Items from a dataset:

+ + + +

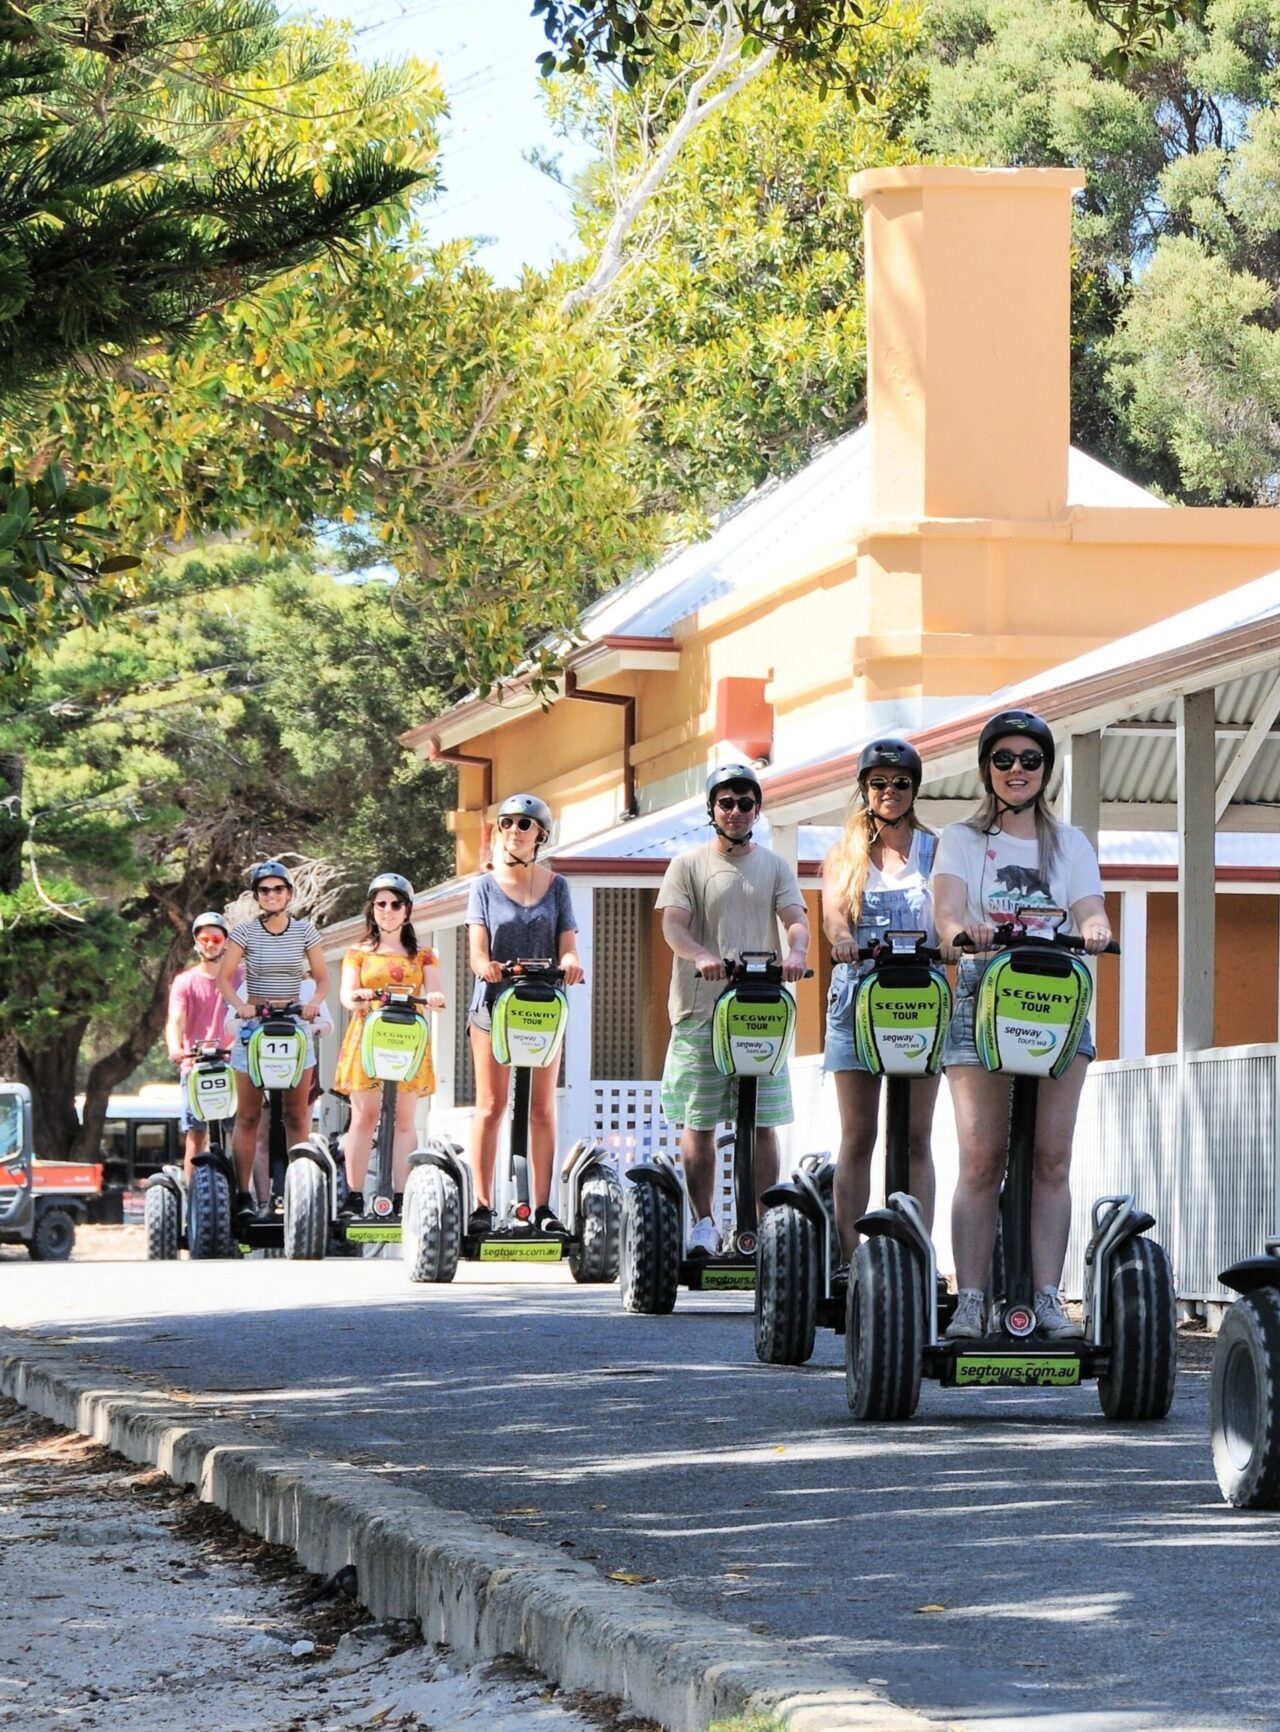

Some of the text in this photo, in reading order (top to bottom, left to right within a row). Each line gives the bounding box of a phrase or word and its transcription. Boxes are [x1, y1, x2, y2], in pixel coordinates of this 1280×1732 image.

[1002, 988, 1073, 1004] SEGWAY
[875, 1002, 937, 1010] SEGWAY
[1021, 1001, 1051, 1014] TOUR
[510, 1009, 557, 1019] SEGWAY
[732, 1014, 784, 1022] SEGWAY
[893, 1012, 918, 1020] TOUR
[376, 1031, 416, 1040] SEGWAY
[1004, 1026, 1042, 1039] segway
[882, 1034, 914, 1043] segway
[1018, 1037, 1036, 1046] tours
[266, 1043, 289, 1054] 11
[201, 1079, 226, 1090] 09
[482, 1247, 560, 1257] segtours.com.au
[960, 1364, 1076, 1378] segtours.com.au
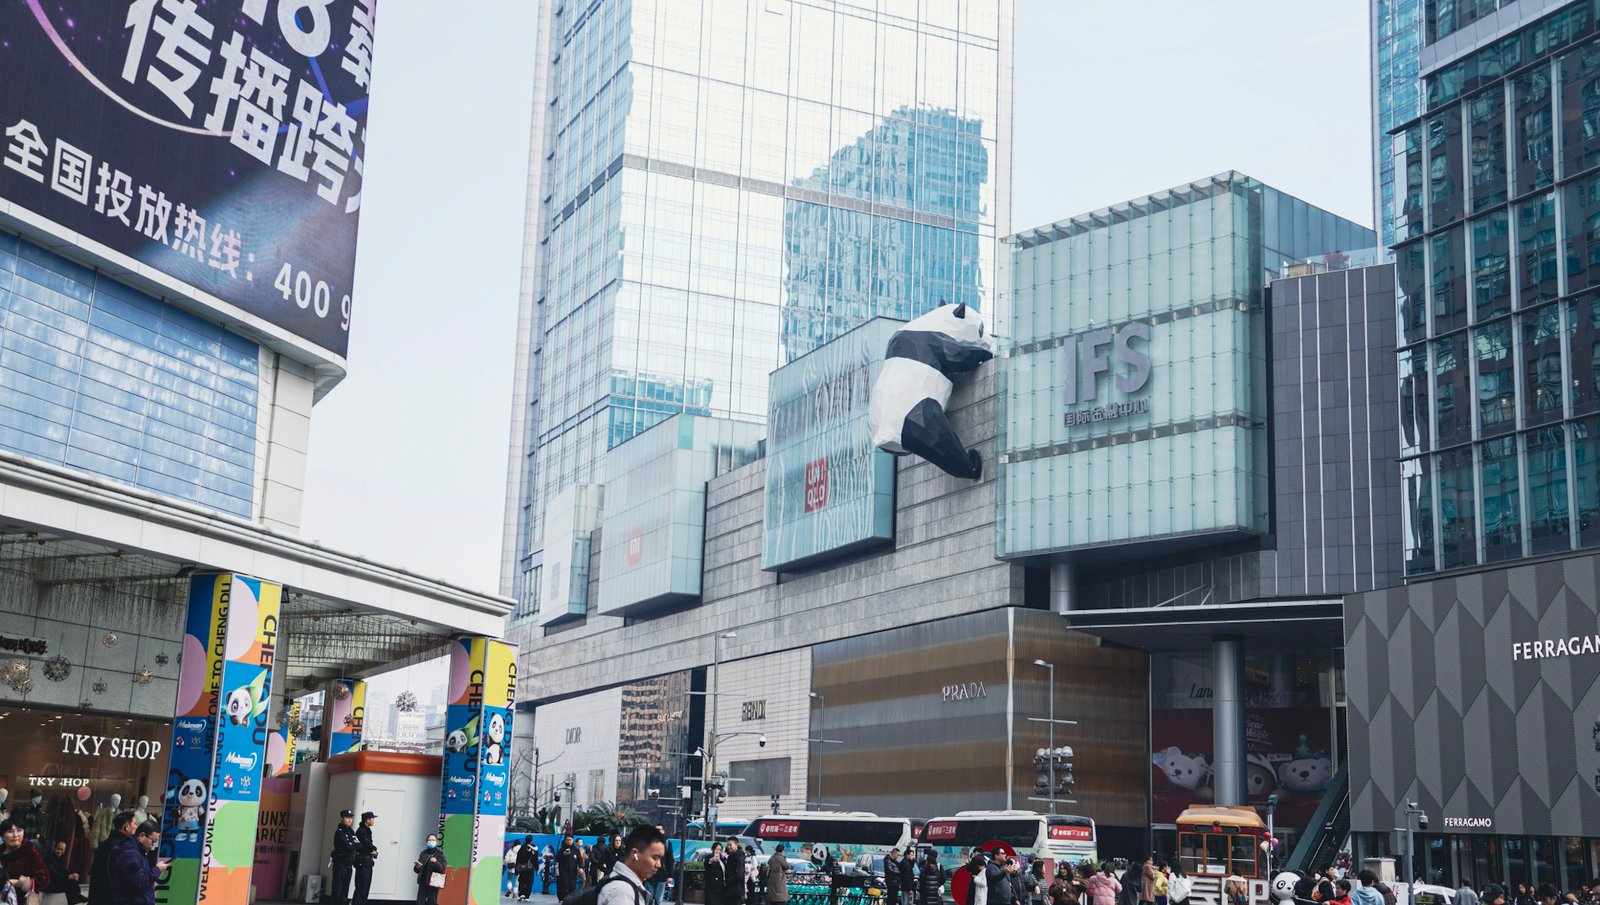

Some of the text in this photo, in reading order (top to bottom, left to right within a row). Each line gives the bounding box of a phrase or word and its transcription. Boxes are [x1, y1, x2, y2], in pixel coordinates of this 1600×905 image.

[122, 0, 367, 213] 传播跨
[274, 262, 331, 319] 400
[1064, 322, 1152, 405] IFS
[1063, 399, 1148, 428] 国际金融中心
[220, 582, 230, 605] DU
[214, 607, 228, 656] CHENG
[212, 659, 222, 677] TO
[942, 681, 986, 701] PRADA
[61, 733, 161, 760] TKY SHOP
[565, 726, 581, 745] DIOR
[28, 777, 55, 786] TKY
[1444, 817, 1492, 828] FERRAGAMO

+ + + +

Exercise aim: Output all of the data exactly. Skip the pictures.

Answer box:
Some of the text in this photo, in reading order (top to bottom, left to right within a row). Each line gives the bounding box of a phrase or word and its transcription. Boxes are [x1, y1, x2, y2], in pixel coordinates of this 1280×1732 image.

[1002, 988, 1073, 1004] SEGWAY
[875, 1002, 937, 1010] SEGWAY
[1021, 1001, 1051, 1014] TOUR
[510, 1009, 557, 1019] SEGWAY
[732, 1014, 784, 1022] SEGWAY
[893, 1012, 918, 1020] TOUR
[376, 1031, 416, 1040] SEGWAY
[1004, 1026, 1042, 1039] segway
[882, 1034, 914, 1043] segway
[1018, 1037, 1036, 1046] tours
[266, 1043, 289, 1054] 11
[201, 1079, 226, 1090] 09
[482, 1247, 560, 1257] segtours.com.au
[960, 1364, 1076, 1378] segtours.com.au

Some of the text in this photo, in reading order (top to bottom, left to right within a row). Each line gives the bounding box of a phrase or word and its transcription. Boxes are [x1, y1, x2, y2], in pixel coordinates of this 1600×905 image.

[122, 0, 367, 213] 传播跨
[274, 262, 331, 319] 400
[1064, 322, 1152, 405] IFS
[1063, 399, 1148, 428] 国际金融中心
[220, 582, 230, 605] DU
[214, 607, 228, 656] CHENG
[212, 659, 222, 677] TO
[942, 681, 986, 701] PRADA
[61, 733, 161, 760] TKY SHOP
[565, 726, 581, 745] DIOR
[28, 777, 55, 786] TKY
[1444, 817, 1492, 828] FERRAGAMO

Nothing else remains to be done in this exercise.